第670話-1 彼女はノルド公と対面する

 末端の吸血鬼の討伐を終え、彼女と伯姪、茶目栗毛と灰目藍髪の四人は、城館のノルド公の居室へと足を運ぶ。


 そこに現れたのは、公爵家の使用人と思わしき初老の男性。執事か家宰であろうか。なかなか良い仕立ての服を着ている。主人の体面を汚さないよう、身だしなみには気を使っているのだろう。歩人にもこの心がけを見習わせたいものだと彼女は思う。
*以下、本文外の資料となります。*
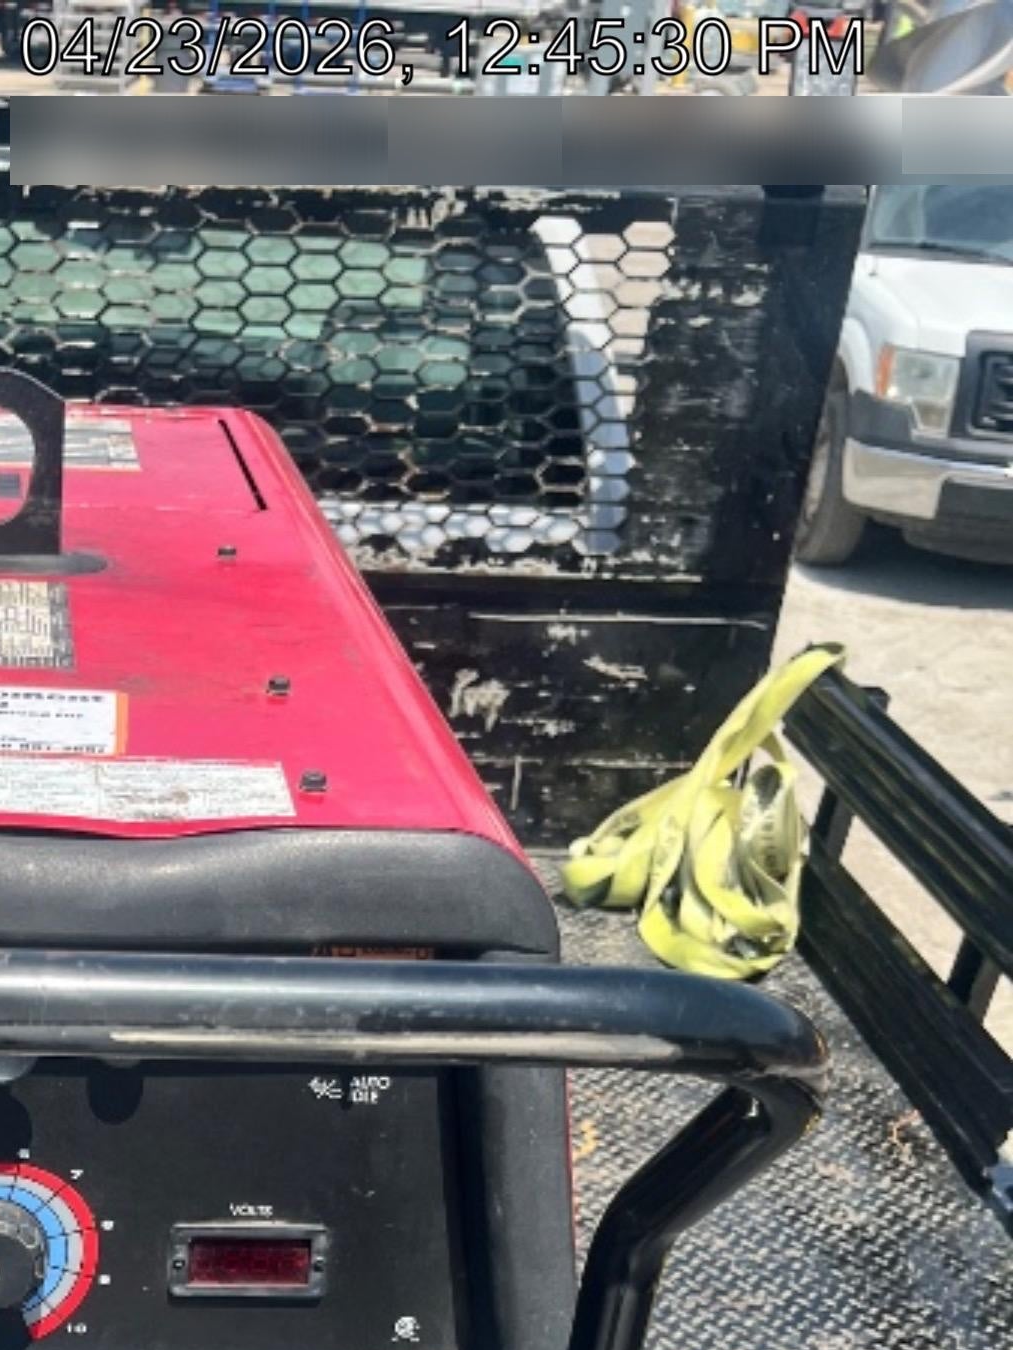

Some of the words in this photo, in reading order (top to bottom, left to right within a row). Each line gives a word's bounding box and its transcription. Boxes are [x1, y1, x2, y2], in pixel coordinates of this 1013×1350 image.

[350, 1076, 391, 1090] AUTO
[229, 1203, 273, 1216] VOLTS
[67, 1323, 87, 1334] 10
 帯剣した四人に、恐る恐ると言った態で男は話しかけてくる。


「おそれながら……どちら様でしょうか」

「リリアル副伯です。オリヴィ=ラウスと共に、女王陛下の依頼でノルド公への使者として伺いました。公爵はいらっしゃいますでしょうか」

「……」


 伯姪が「場所は分かるから、案内は不要よ!」とばかりに足を進める。階段を登り、それぞれの通路には、吸血鬼と思わしき死体が一体ずつ転がっている。これも歩哨なのだろう。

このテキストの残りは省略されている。